O gni tanto condivido qualche estratto dai miei romanzi. Non è vanità, né questione di malsano innamoramento della propria scrittura – semmai è sano orgoglio. Le ragioni per cui condivido qualcosa sono molteplici e non le spiego quasi mai: per i destinatari sono irrilevanti.

Quale che sia la ragione che mi spinge a pubblicarne uno, so come vengono letti e intesi: rappresentano l’opera e l’autore, ovvero una suggestione che rappresenta uno o più aspetti della storia e la prosa che la racconta. Di conseguenza rileggo sempre con attenzione, prima di pubblicarne uno.

Ora, anche nel caso in cui l’estratto venga da un testo definitivo e già pubblicato, accade spesso che io corregga qualcosa. C’è sempre un margine di miglioramento, anche se revisione dopo revisione s’assottiglia. Ed è importantissimo che un’autrice o un autore sappiano quando è giusto fermarsi e dar fiato alle trombe, altrimenti non se ne esce mai.

Bene, ma cosa mi accade, esattamente, in quei frangenti?

È semplice: so con quanta attenzione i lettori giudicano un estratto, proprio poiché breve. Ovvero scatta in me una sorta di “ricerca della perfezione”, nella consapevolezza che la perfezione non esista, perché i lettori sono eterogenei e per sensibilità e per gusti.

Negli anni quest’aspetto mi ha fatto riflettere.

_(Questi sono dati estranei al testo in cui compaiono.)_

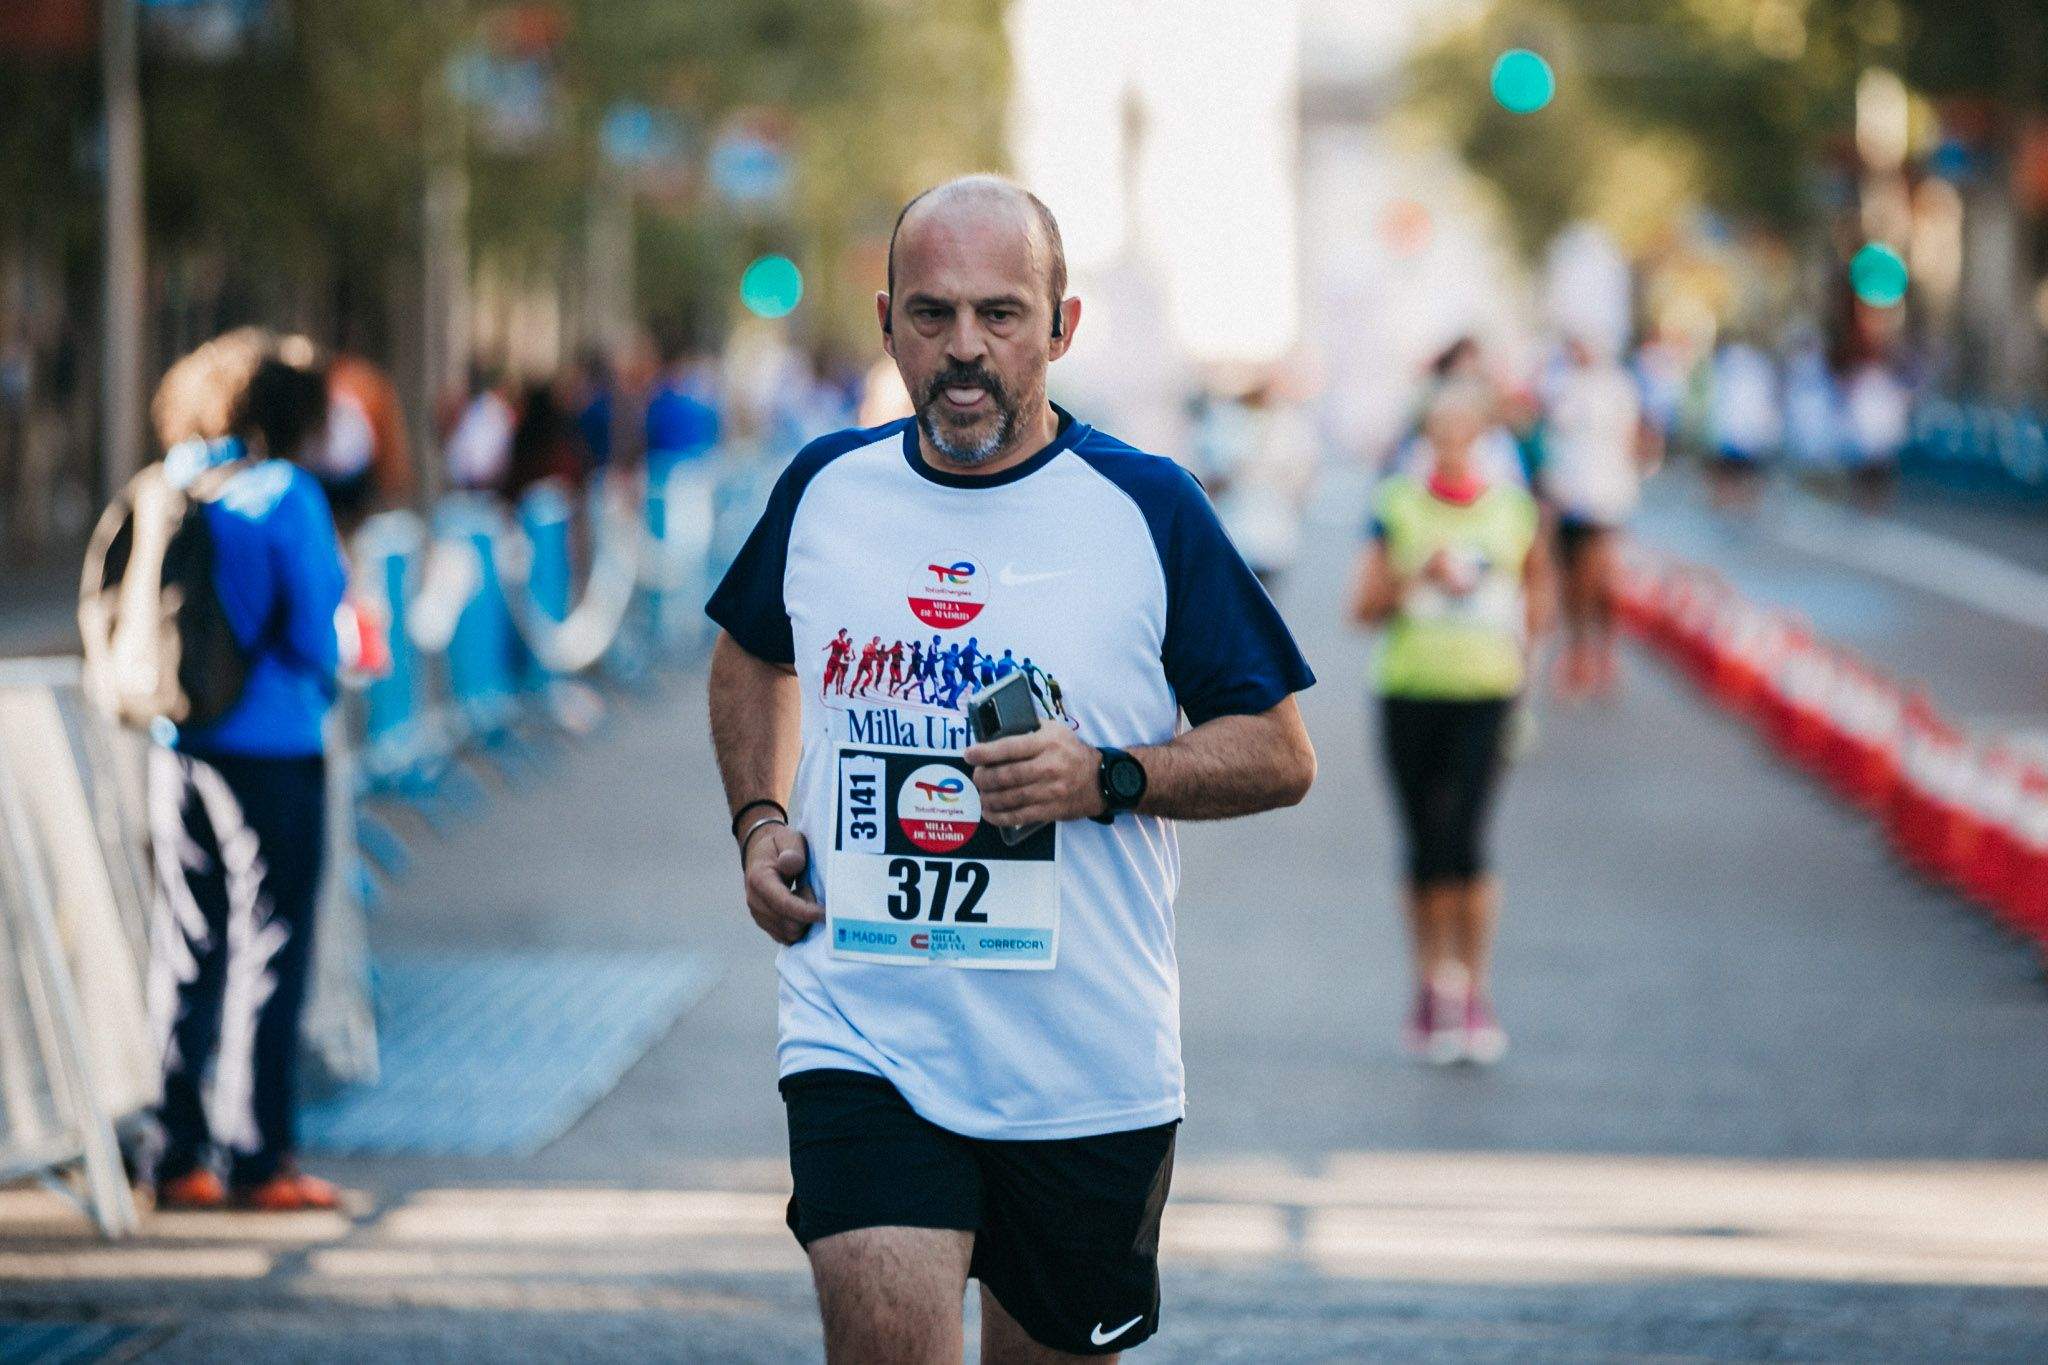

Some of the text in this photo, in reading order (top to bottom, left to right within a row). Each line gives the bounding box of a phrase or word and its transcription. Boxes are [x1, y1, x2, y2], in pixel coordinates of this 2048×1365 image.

[847, 708, 919, 748] Milla
[850, 774, 877, 840] 3141
[913, 831, 965, 842] DE MADRID
[924, 822, 953, 832] MILLA
[887, 858, 990, 923] 372
[852, 931, 898, 946] MADRID
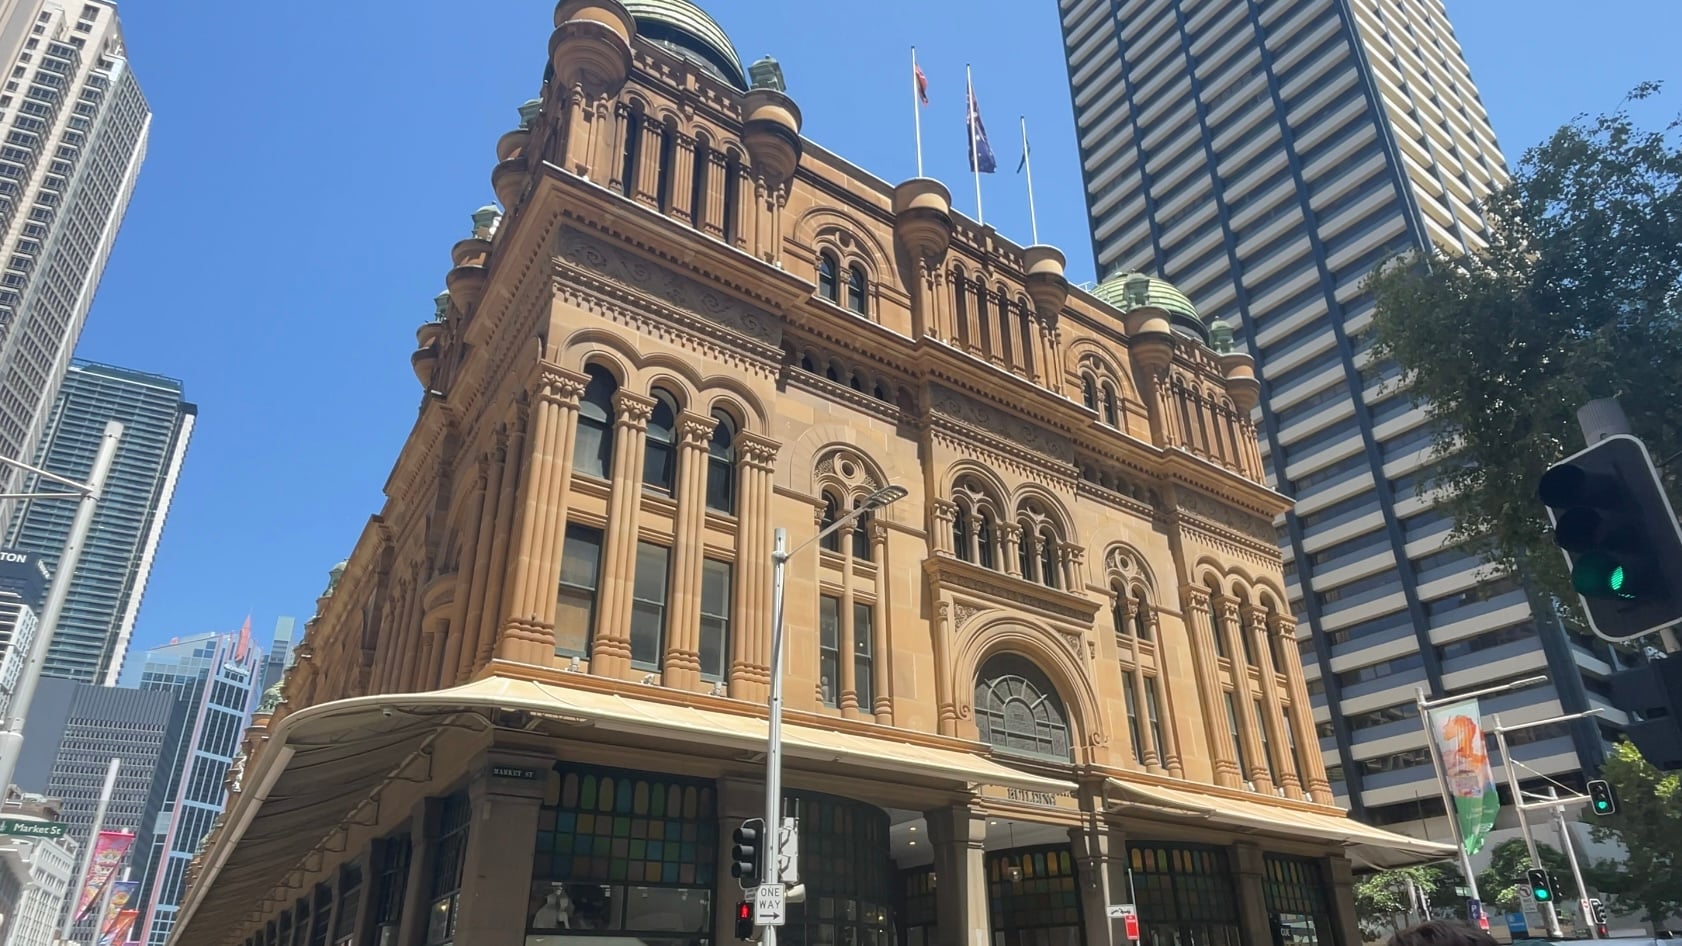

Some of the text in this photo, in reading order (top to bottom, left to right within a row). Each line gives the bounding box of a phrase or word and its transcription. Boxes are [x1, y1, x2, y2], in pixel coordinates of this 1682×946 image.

La mia reazione è stata provare a ricreare quello stesso stato d’animo a comando e riuscire a farlo perdurare. Con parole più chiare ancora, ho provato a rivedere un intero romanzo con la stessa, meticolosa attenzione e spietatezza di quando rileggo un estratto, prima di pubblicarlo.

Non è affatto semplice. Richiede una forza di volontà ferrea, altrimenti si rischia di rallentare a tal punto da sfibrarsi e, purtroppo, ottenere l’effetto opposto a quello voluto: un testo che risente della stanchezza mentale e di un atteggiamento ipercritico oppure, per contro, di una certa incuria, perché si comincia a rileggere con maggior superficialità, magari perché una parte fila via liscia, coinvolge e ci si rilassa.

È, insomma, impossibile lavorare così sempre, a meno che non si voglia produrre un romanzo ogni tre, quattro anni. Non tutti sono disposti a un simile sforzo.

Come al solito la soluzione è ridurre i concetti all’osso e semplificarne l’applicazione. Nel mio caso, ho deciso di utilizzare la “modalità estratto” durante la terza revisione, che è la prima dedicata esclusivamente alla prosa, dimodoché la successiva riceva in valutazione un testo definitivo al novantanove per cento.

In termini di tempistiche significa che si rallenta parecchio, quando, invece, ogni tua singola cellula ti spinge a fare in fretta, ché il traguardo è vicino. Va così. Se si vuol qualcosa di rapido, scrivere romanzi non è certamente la scelta più saggia.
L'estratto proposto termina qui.